Our last stop was the town of San Bartolo Coyotepec, famous for black pottery. In the 1950s, Doña Rosa discovered a technique to make the clay turn black and shiny after firing. Her grandson gave us a demonstration on the pre-Columbian gourd pottery wheel they still use.
The firing technique that makes the clay turn black also makes the finished products more brittle, so they are mainly decorative items, such as these beautiful figurines. They are surprisingly inexpensive, but we didn't buy anything for fear of not getting it home in one piece.
Back in Oaxaca City, we had my favorite Oaxacan food: tlayudas! A thin, crispy (baked, not fried) corn tortilla topped with black beans, cheese, and your choice of meat or vegetables. Addicting!
The quaint Los Arquitos neighborhood is tucked around an old stone aqueduct.
The 17th-century Baroque Basílica de Nuestra Señora de la Soledad is the most important religious site in the state of Oaxaca.
The Virgin of Solitude (Soledad) is Oaxaca's patron saint.
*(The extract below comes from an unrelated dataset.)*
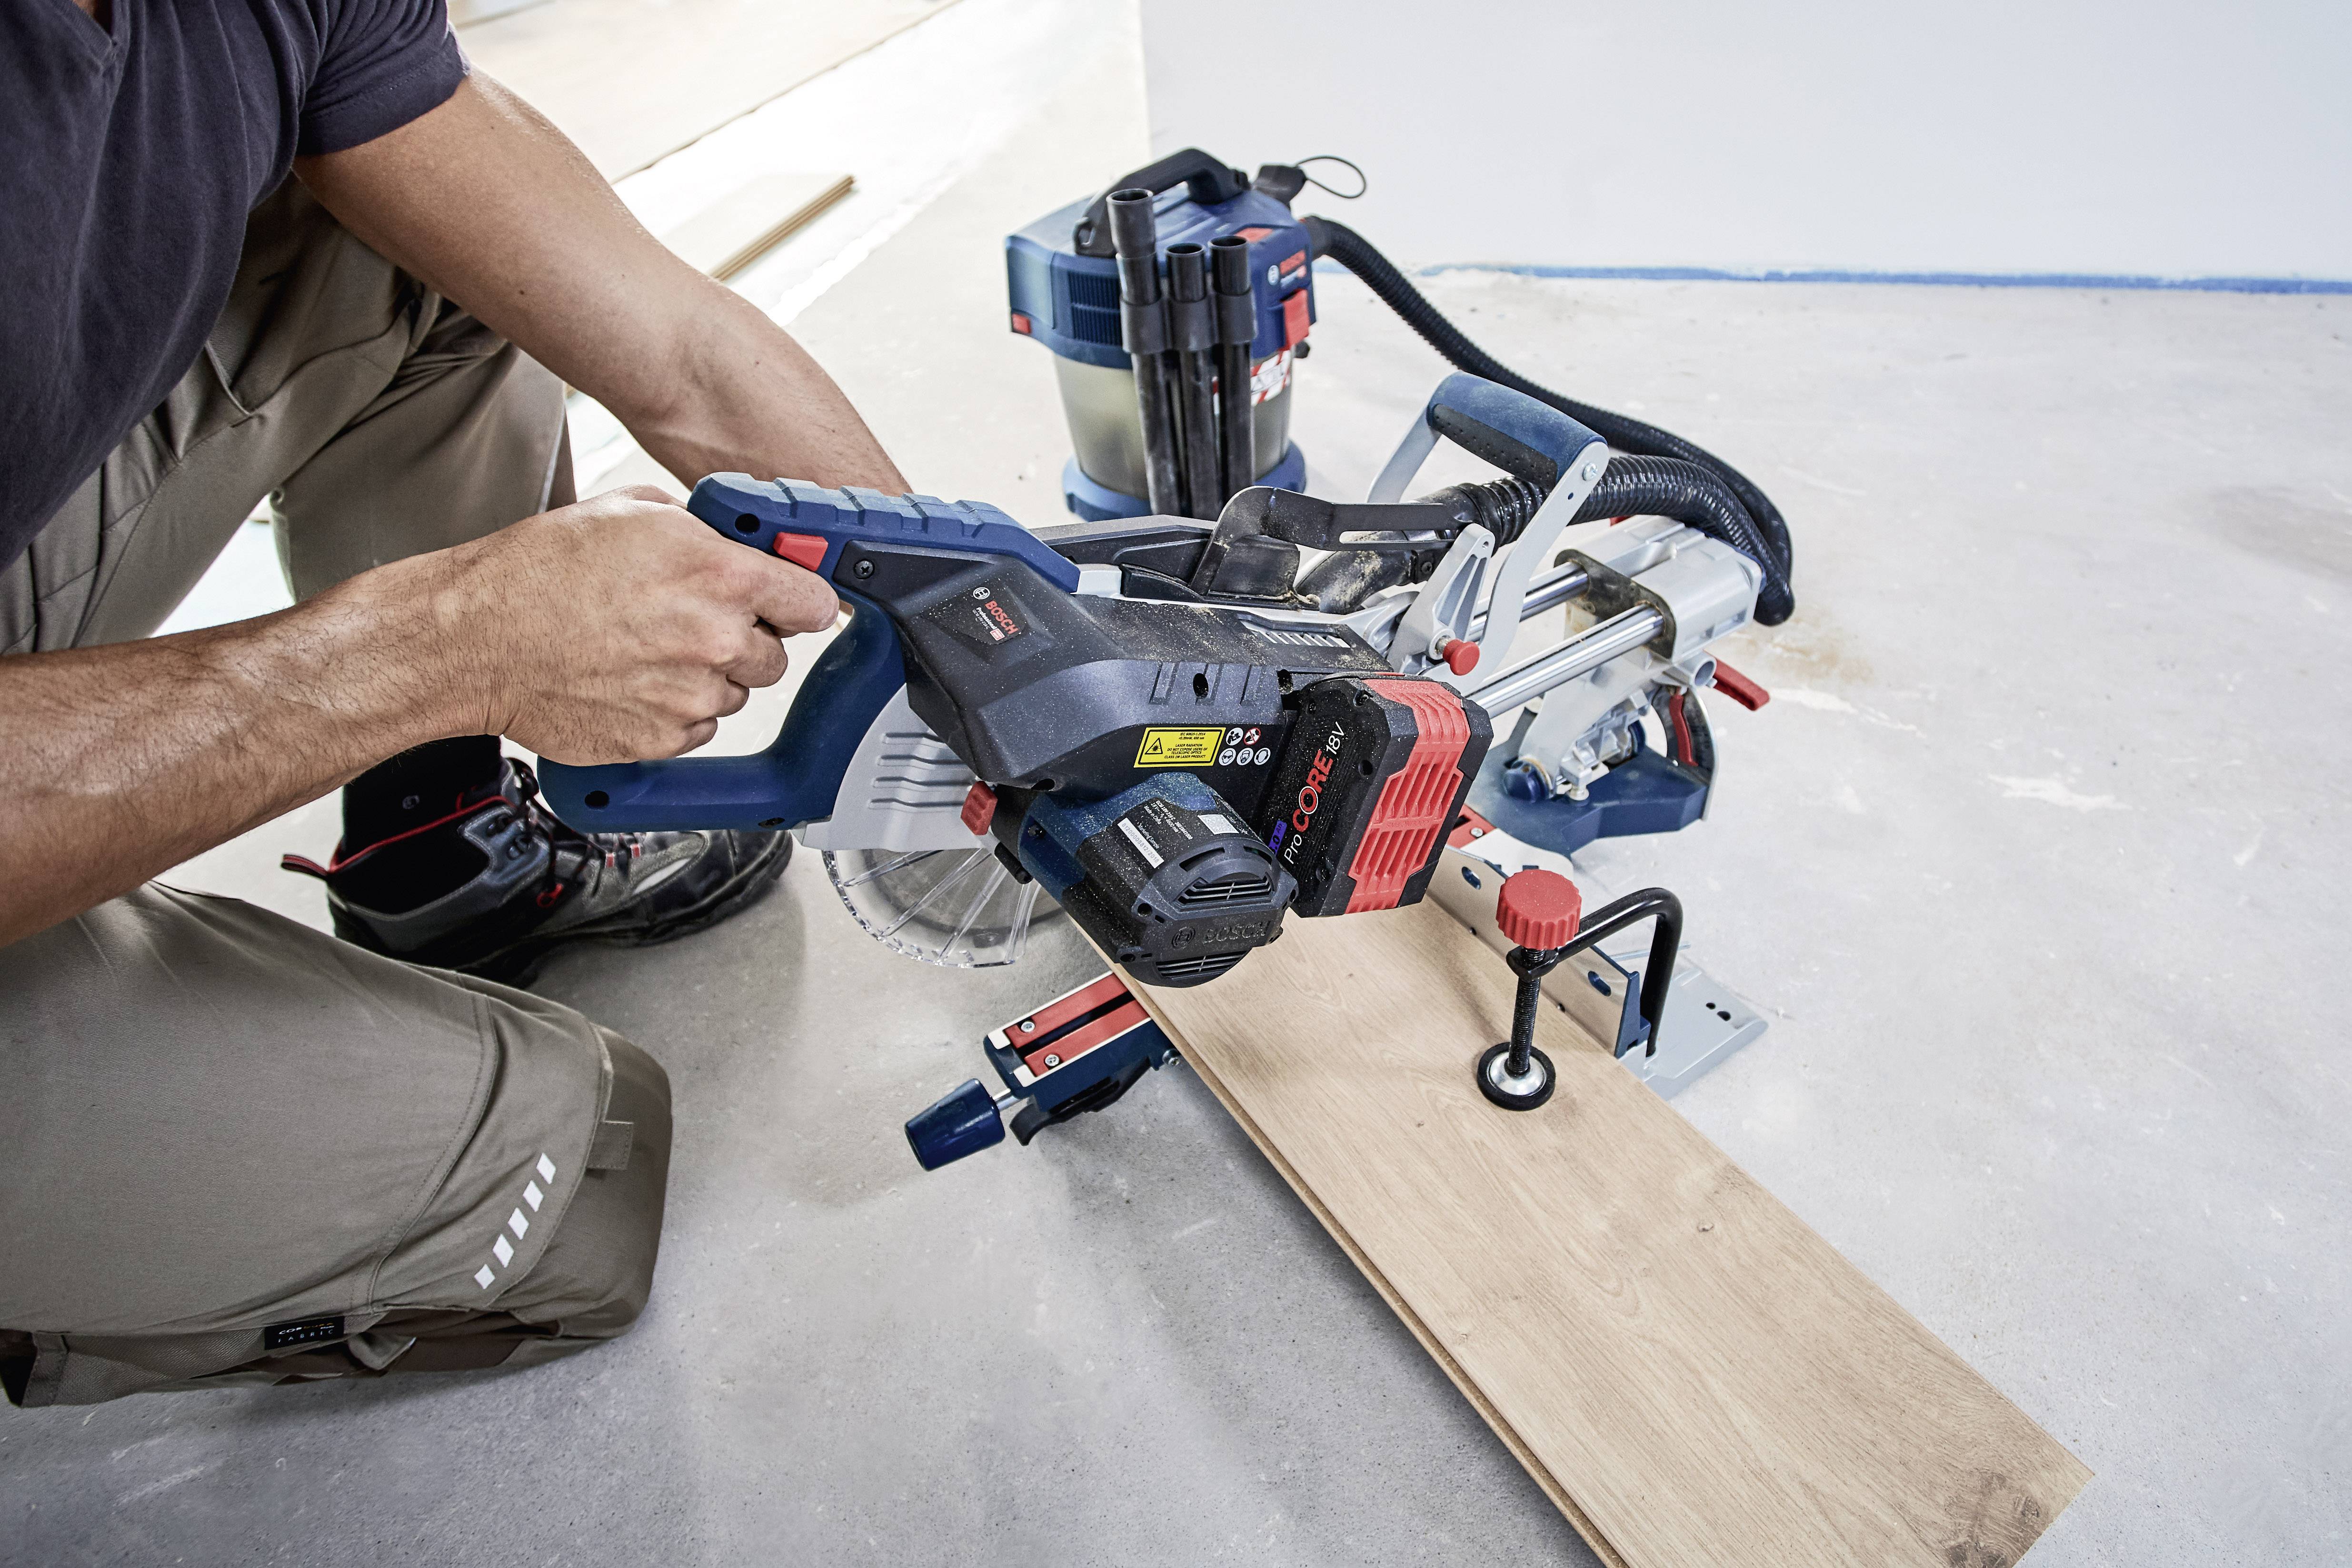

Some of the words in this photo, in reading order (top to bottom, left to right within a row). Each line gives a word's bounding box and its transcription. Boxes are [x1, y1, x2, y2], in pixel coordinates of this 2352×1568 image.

[976, 607, 997, 630] Professional
[985, 600, 1018, 634] BOSCH
[1326, 721, 1345, 754] 18V
On her head is a solid gold crown with 600 diamonds (actually a replica - robbers stole the original in the 1980s).
The grounds of the lushly restored Santa Catalina Convent, now the Hotel Quinta Real.
Traditional clothing displayed at the Huizache artist's cooperative.
This blues-rock band entertained folks in a plaza near the zocalo every night.
A posse of sweepers keeps the city streets amazingly clean.
The beautiful Macedonio Alcala Theater.
Mexican hot chocolate is to die for! Rich and frothy, with hints of cinnamon, vanilla, and maybe more.
Mexicans are very cognizant of hygiene, as evidenced by the ubiquitous handwashing signs, and the anti-bacterial gel on eatery tables.
One day we ventured out to the weekly market in the nearby town of Etla. I was hoping to see women in traditional clothing, but didn't see any. I did see these beautiful plants for sale.
Mystery vegetable packs in the Etla market.
Grant felt right at home in the tool section of the Etla market.
Back in the city, we had tasty tacos at this zocalo stand before heading back to our hotel to pack for our early flight the next day. Goodbye Oaxaca!